• [Records supplied]:
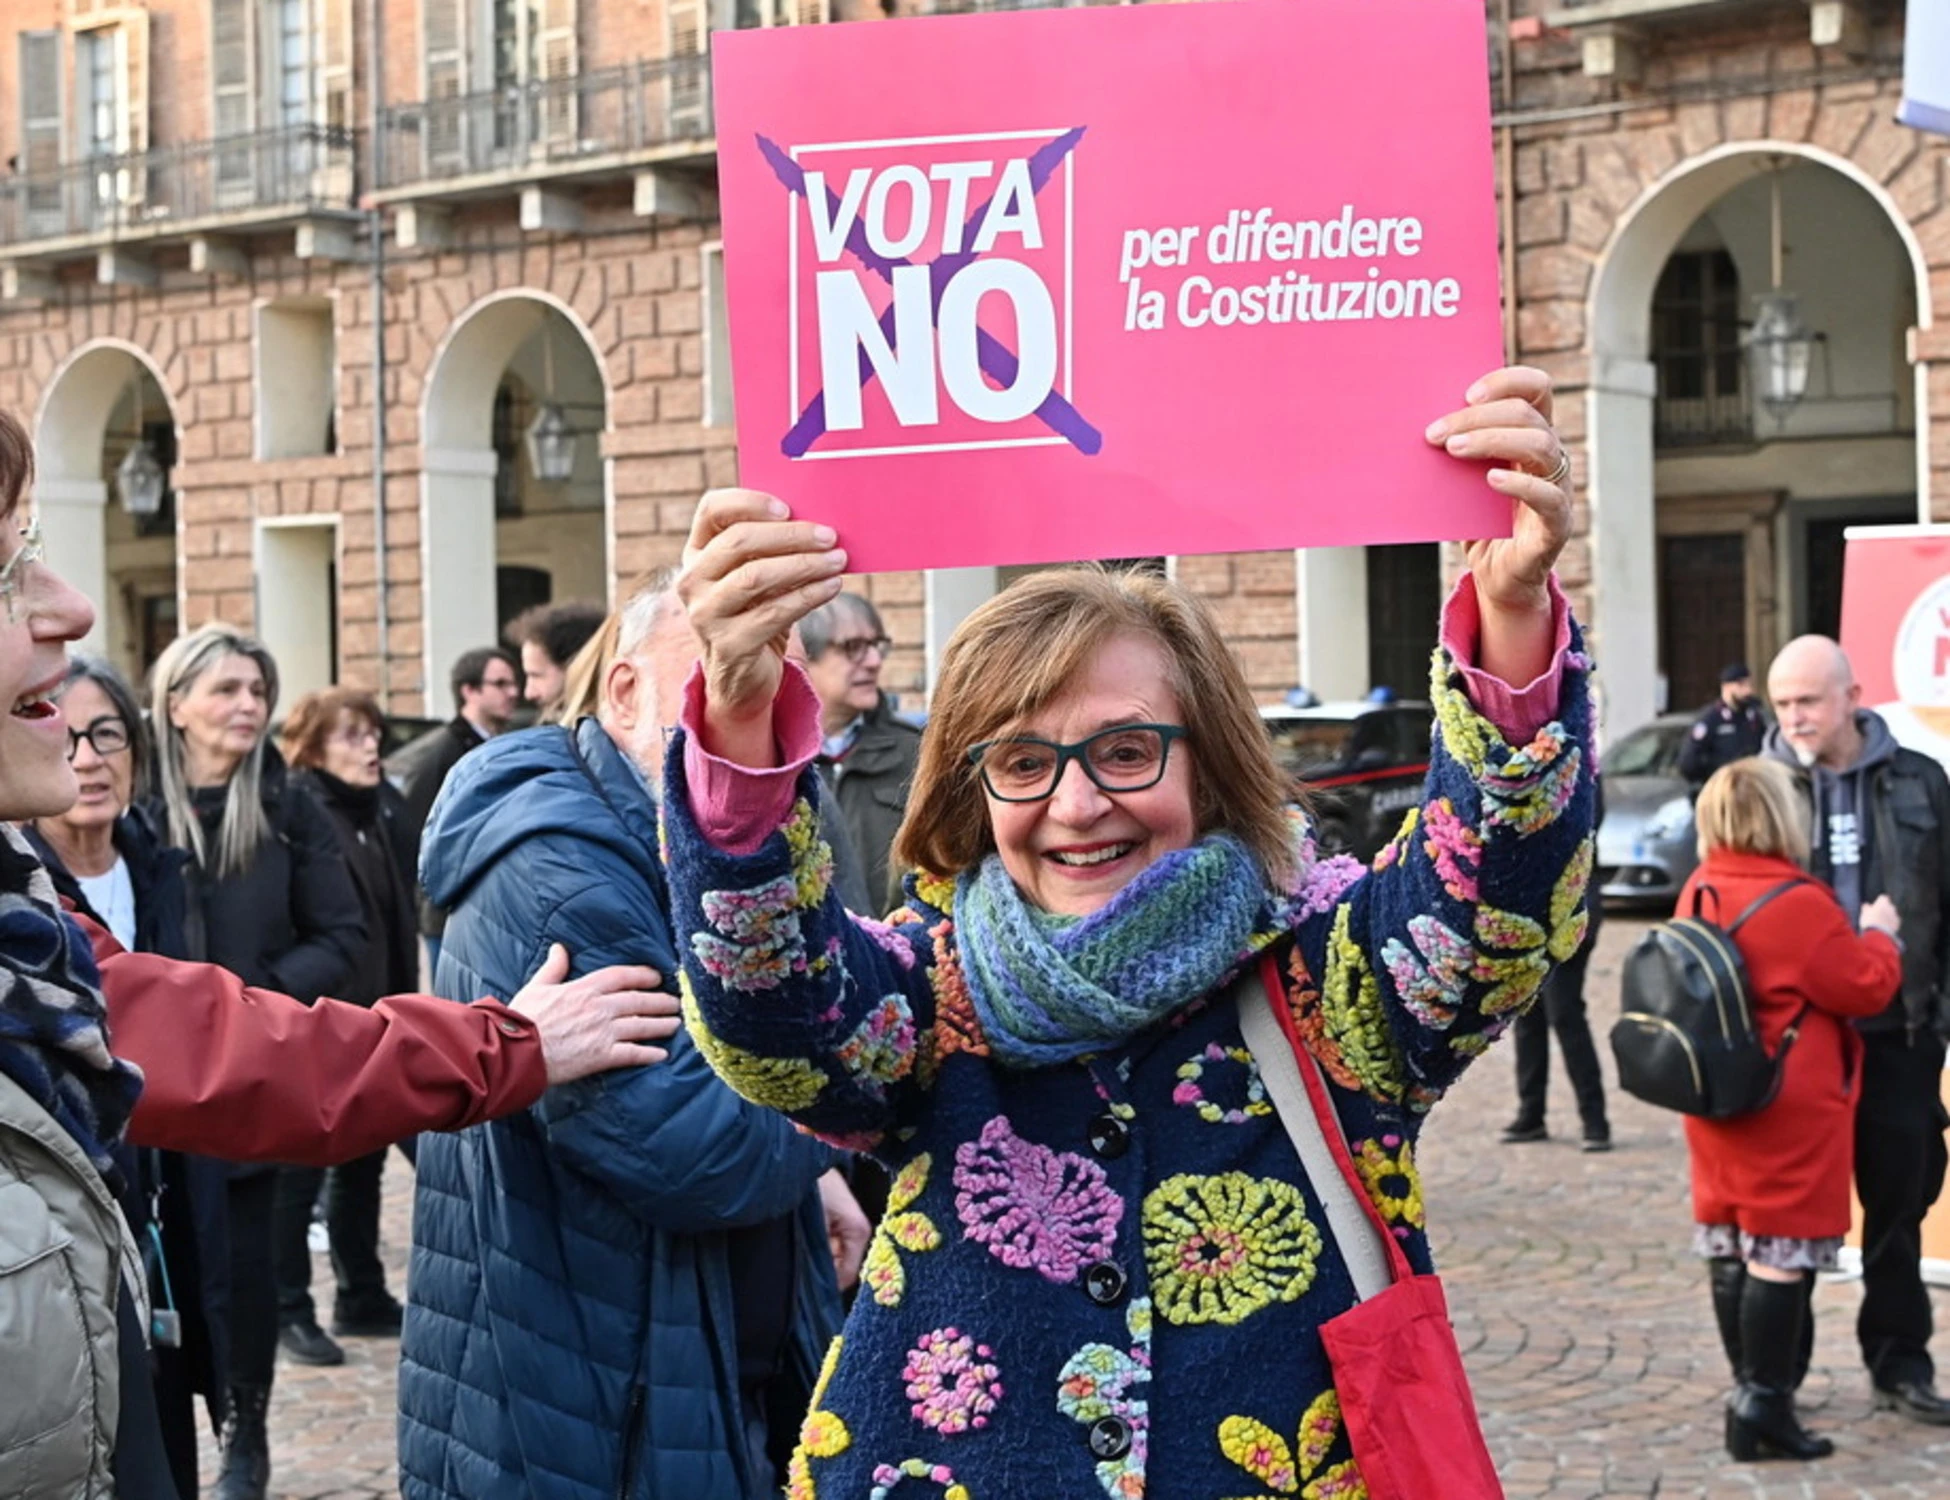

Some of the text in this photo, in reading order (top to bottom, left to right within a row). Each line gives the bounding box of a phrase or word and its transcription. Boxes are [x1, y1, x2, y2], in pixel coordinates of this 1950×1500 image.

[803, 158, 1044, 263] VOTA
[1121, 204, 1423, 282] per difendere
[1124, 267, 1460, 331] la Costituzione
[816, 258, 1058, 432] NO

• [Goal of the exercise]: Line by line, write out the entries exactly, and leave the pictures out.

• [Response below]:
Some of the text in this photo, in reading order (top to bottom, left to right within a row). Each line gives the bounding box of a phrase or word and its transcription. Boxes are [x1, y1, x2, y2], in pixel coordinates of this 1950×1500 image.

[803, 158, 1044, 263] VOTA
[1121, 204, 1423, 282] per difendere
[1124, 267, 1460, 331] la Costituzione
[816, 258, 1058, 432] NO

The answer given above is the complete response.